In the same example instead of converting the lookup value to text, you can change the values in A column (table array) to number and then do the Vlookup. [example] In the image above A column has a green triangle in the upper-left corner of a cell which indicates a formula error in the cell. If you select the cell, the Trace Error Button image button appears. Click the arrow next to the button and choose "Convert To Number" from the context menu. If you have more cells, select all the cells and convert it to number. Now the lookup value and the table arrays first column are numbers. Then you can easily to do the lookup.
If there is no error correction option, you can use this method to convert the data in A column to General format.
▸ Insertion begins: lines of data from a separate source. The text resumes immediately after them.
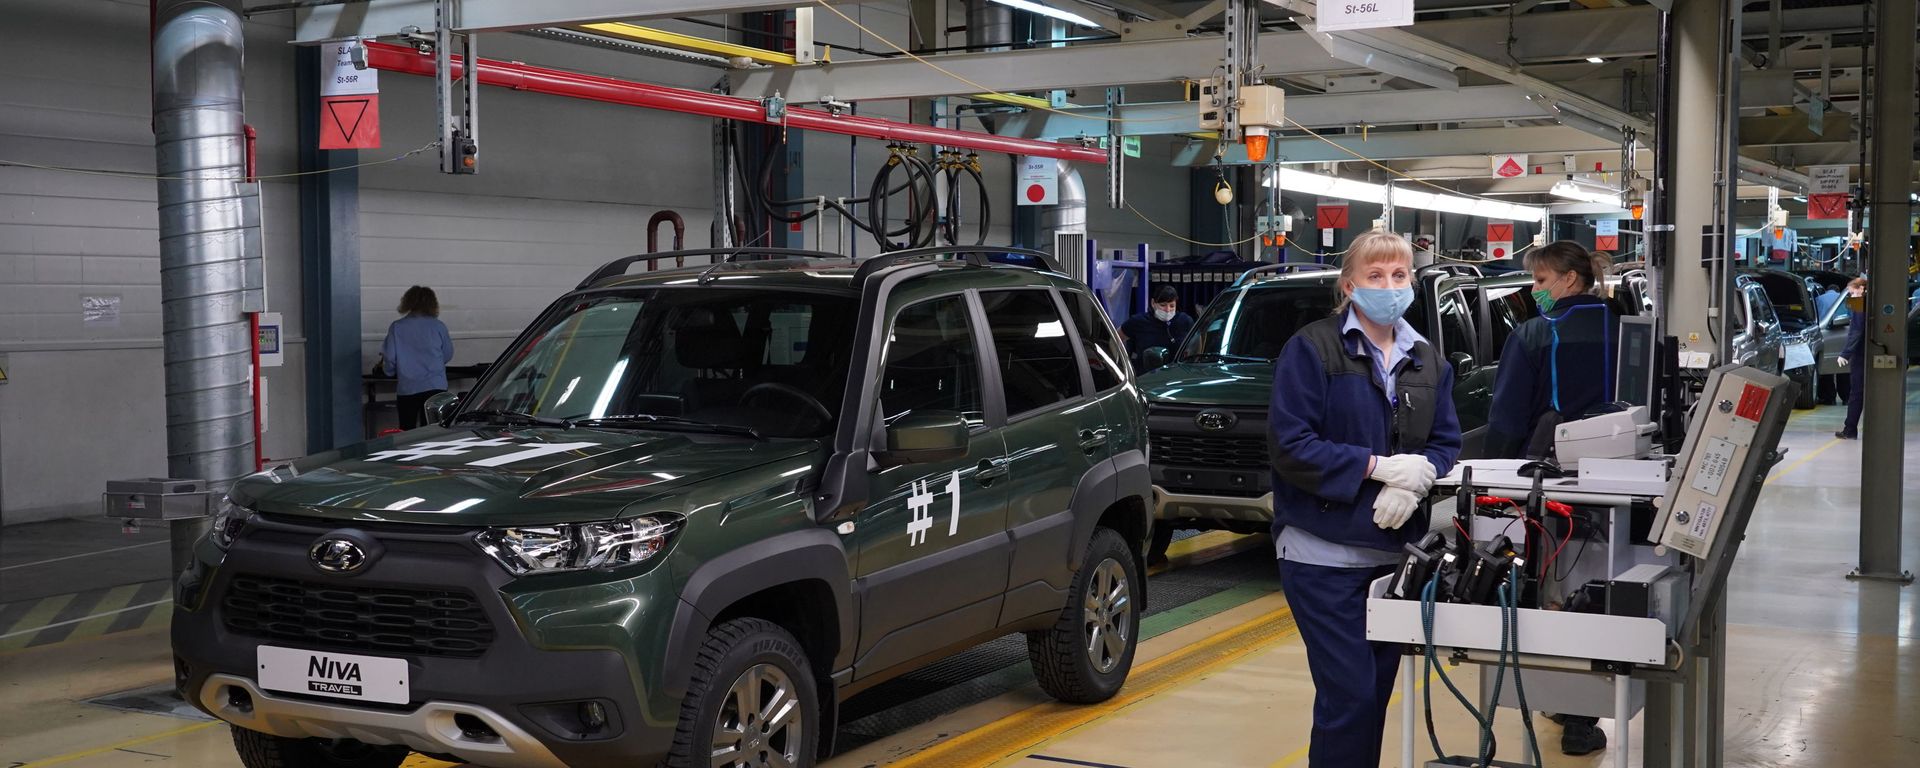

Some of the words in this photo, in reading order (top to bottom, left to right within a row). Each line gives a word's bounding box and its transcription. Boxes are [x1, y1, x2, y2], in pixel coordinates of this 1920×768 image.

[1344, 3, 1379, 15] St-56L
[337, 46, 351, 55] SLA
[363, 437, 602, 467] #1
[907, 469, 960, 547] #1
[308, 655, 362, 682] NIVA
[311, 682, 359, 695] TRAVEL
You can convert the data to text also using this method. For that highlight the column whose format you want to change and then from the Data Tab select Text to columns. First one will be the Delimited option don't change anything and click next. Make sure that the delimiter we have checked does not appear (like a comma or semi colon) in your column, and if it is there, this option won't work. Now click next, and in the third step you can select the format General or Text and click Finish. Now the first column data is converted to General format. Now the Vlookup will work.
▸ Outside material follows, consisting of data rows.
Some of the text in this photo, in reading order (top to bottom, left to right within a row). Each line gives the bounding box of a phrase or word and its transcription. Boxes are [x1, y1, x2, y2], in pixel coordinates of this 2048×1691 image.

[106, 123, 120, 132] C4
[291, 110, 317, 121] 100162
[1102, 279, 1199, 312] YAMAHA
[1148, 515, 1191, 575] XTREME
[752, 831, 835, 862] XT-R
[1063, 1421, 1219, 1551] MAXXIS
You can use the Text function clubbed with Vlookup to covert the number to text like this VLOOKUP(TEXT(G1,0),A2:D15,2,FALSE). In the first parameter, you have to use Text function then the lookup value and zero to convert the lookup value to text.
If you want you can convert the text to numbers using value function. You can do it either in the lookup value or in the table array. If you want to do it in the lookup value just insert the value function with the first parameter VLOOKUP(VALUE(F1),C1:01,1,0).
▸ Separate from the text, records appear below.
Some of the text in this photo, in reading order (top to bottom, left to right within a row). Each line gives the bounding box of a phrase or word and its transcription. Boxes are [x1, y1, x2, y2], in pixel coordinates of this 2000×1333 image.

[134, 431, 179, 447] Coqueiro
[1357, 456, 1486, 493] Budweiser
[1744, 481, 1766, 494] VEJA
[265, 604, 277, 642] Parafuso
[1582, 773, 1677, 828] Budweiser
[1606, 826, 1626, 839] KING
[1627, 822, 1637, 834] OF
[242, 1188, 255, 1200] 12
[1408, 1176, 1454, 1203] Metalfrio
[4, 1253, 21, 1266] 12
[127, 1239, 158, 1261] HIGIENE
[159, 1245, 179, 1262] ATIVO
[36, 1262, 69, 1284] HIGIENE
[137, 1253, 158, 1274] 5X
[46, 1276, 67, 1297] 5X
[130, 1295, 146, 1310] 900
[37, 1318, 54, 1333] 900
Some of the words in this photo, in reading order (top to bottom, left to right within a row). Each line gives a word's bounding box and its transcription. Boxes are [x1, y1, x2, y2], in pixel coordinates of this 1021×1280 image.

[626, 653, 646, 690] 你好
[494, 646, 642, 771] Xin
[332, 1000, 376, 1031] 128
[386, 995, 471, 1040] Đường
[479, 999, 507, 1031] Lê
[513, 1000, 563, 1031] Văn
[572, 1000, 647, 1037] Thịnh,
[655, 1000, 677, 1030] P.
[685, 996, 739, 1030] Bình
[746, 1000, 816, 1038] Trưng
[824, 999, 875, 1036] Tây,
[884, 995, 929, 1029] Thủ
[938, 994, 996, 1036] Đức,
If you are fetching data from another workbook using Vlookup make sure the other workbook does not get deleted. This will break the Vlookup formula and you will get out of reference error.
Also if you are fetching data using Vlookup from a file stored in your computer and that file is sent to any other person he or she will get a security warning, this book is linked to another one. So it is always safe to value paste the data after you do the Vlookup in these cases.
If you have so many Vlookups spanning to different columns, then it will slow down the Excel to some extent. Mean it will take some more seconds to complete the lookup. Considering the power of new computers, it will be much faster, but on old computers, it will take some time. In this case, it is better you use Index Match function which doesn't use up that much resources. Because it doesn't use the entire data set to perform the lookup calculation, they require less processing power from Excel.